═══ Records for the exercise

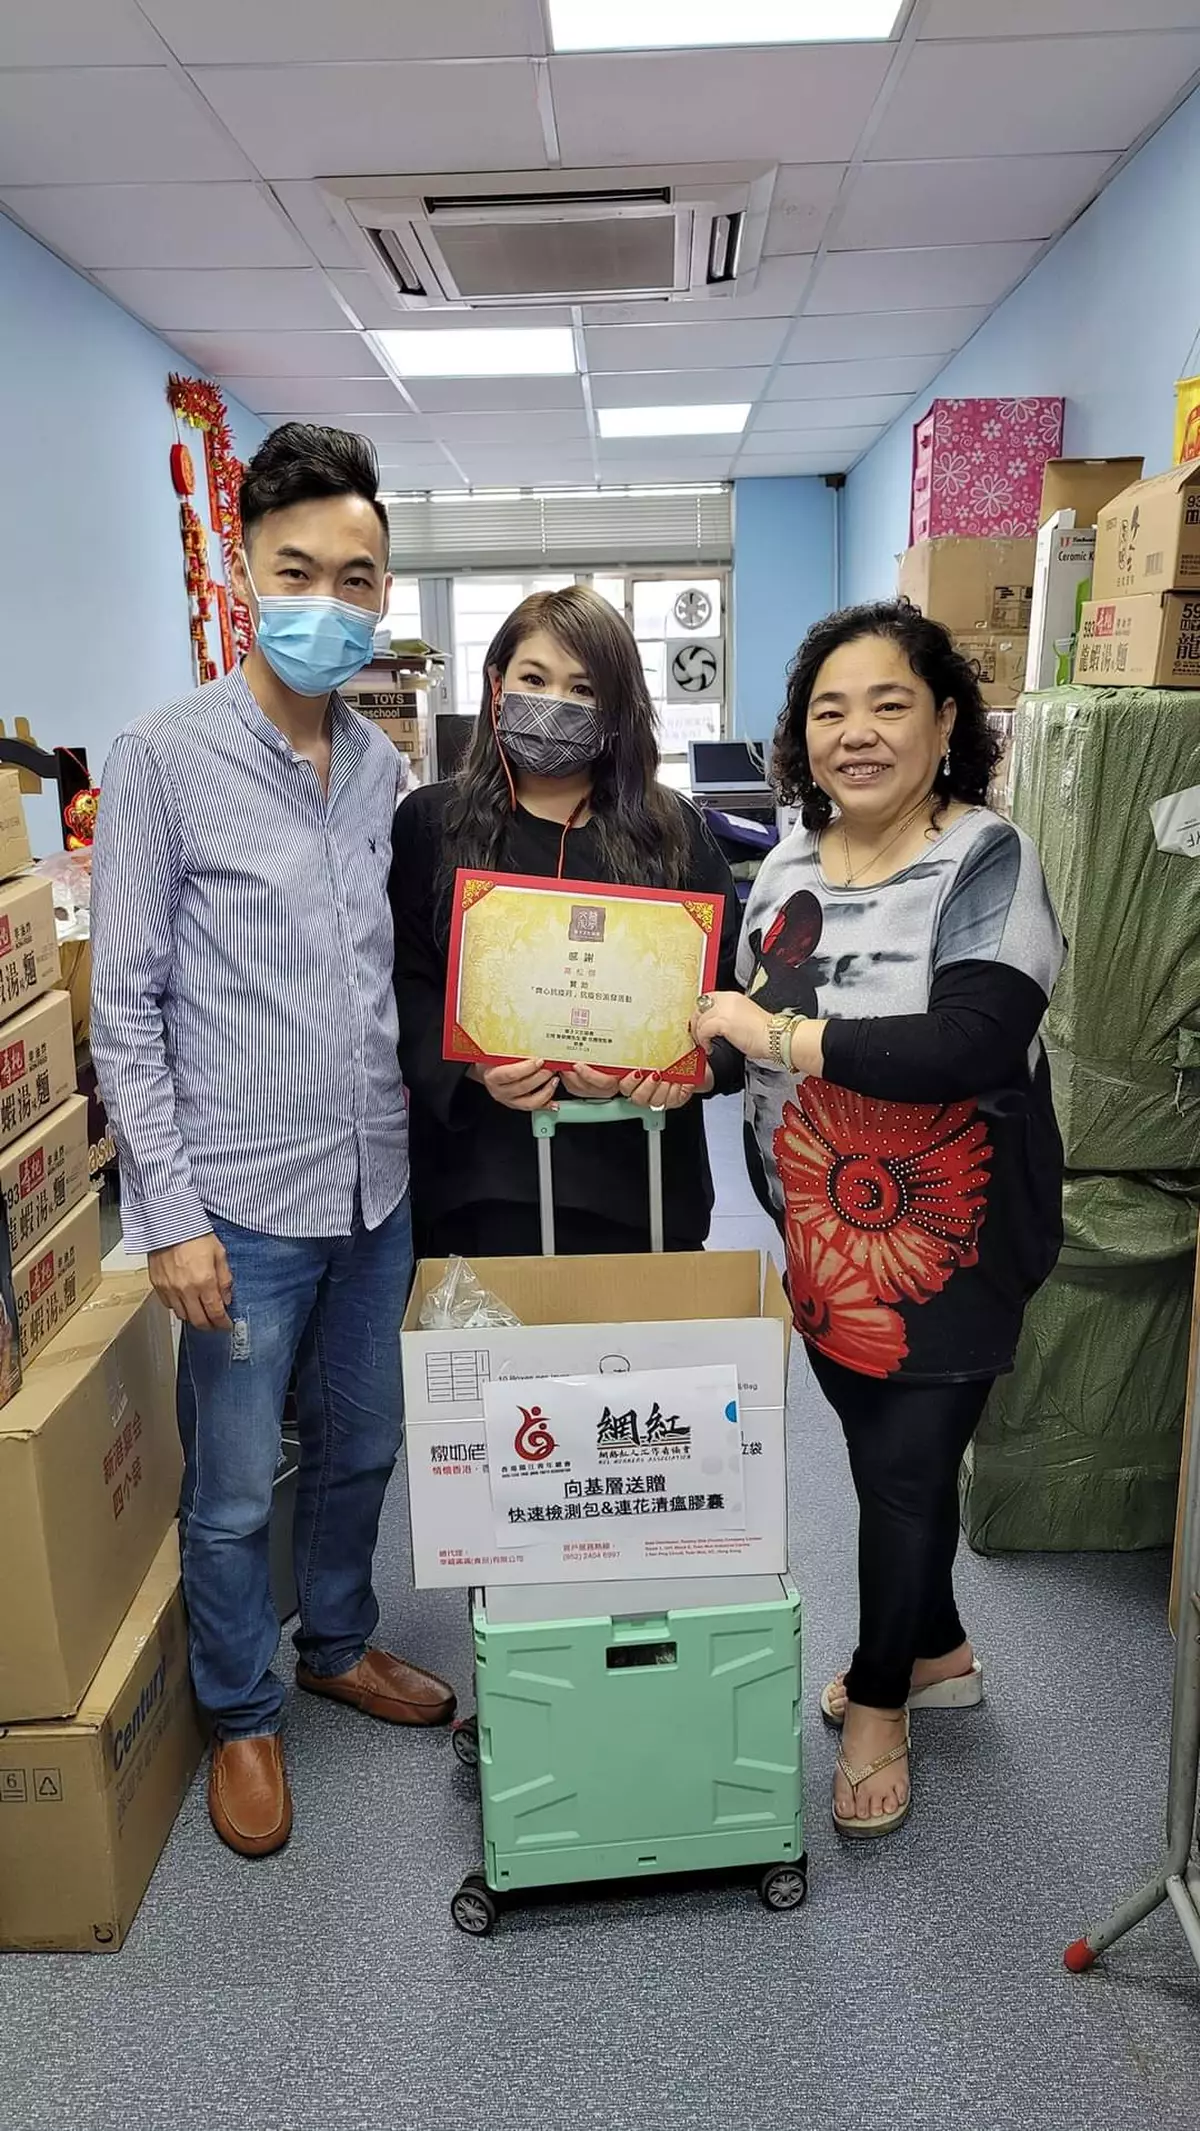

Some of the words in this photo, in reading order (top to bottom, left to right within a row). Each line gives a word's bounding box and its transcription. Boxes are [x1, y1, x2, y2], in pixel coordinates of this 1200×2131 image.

[1058, 551, 1086, 561] Ceramic
[373, 694, 404, 704] TOYS
[597, 1402, 692, 1446] 網紅
[564, 1474, 666, 1498] 向基層送贈
[114, 1654, 167, 1772] Century

══════

* **Problem details**
Word for word, write out each of the records, but not the pictures.

* **Output of the exercise**
Some of the words in this photo, in reading order (top to bottom, left to right within a row). Each line gives a word's bounding box and its transcription. Boxes are [x1, y1, x2, y2], in pixel coordinates of this 1200×2131 image.

[1058, 551, 1086, 561] Ceramic
[373, 694, 404, 704] TOYS
[597, 1402, 692, 1446] 網紅
[564, 1474, 666, 1498] 向基層送贈
[114, 1654, 167, 1772] Century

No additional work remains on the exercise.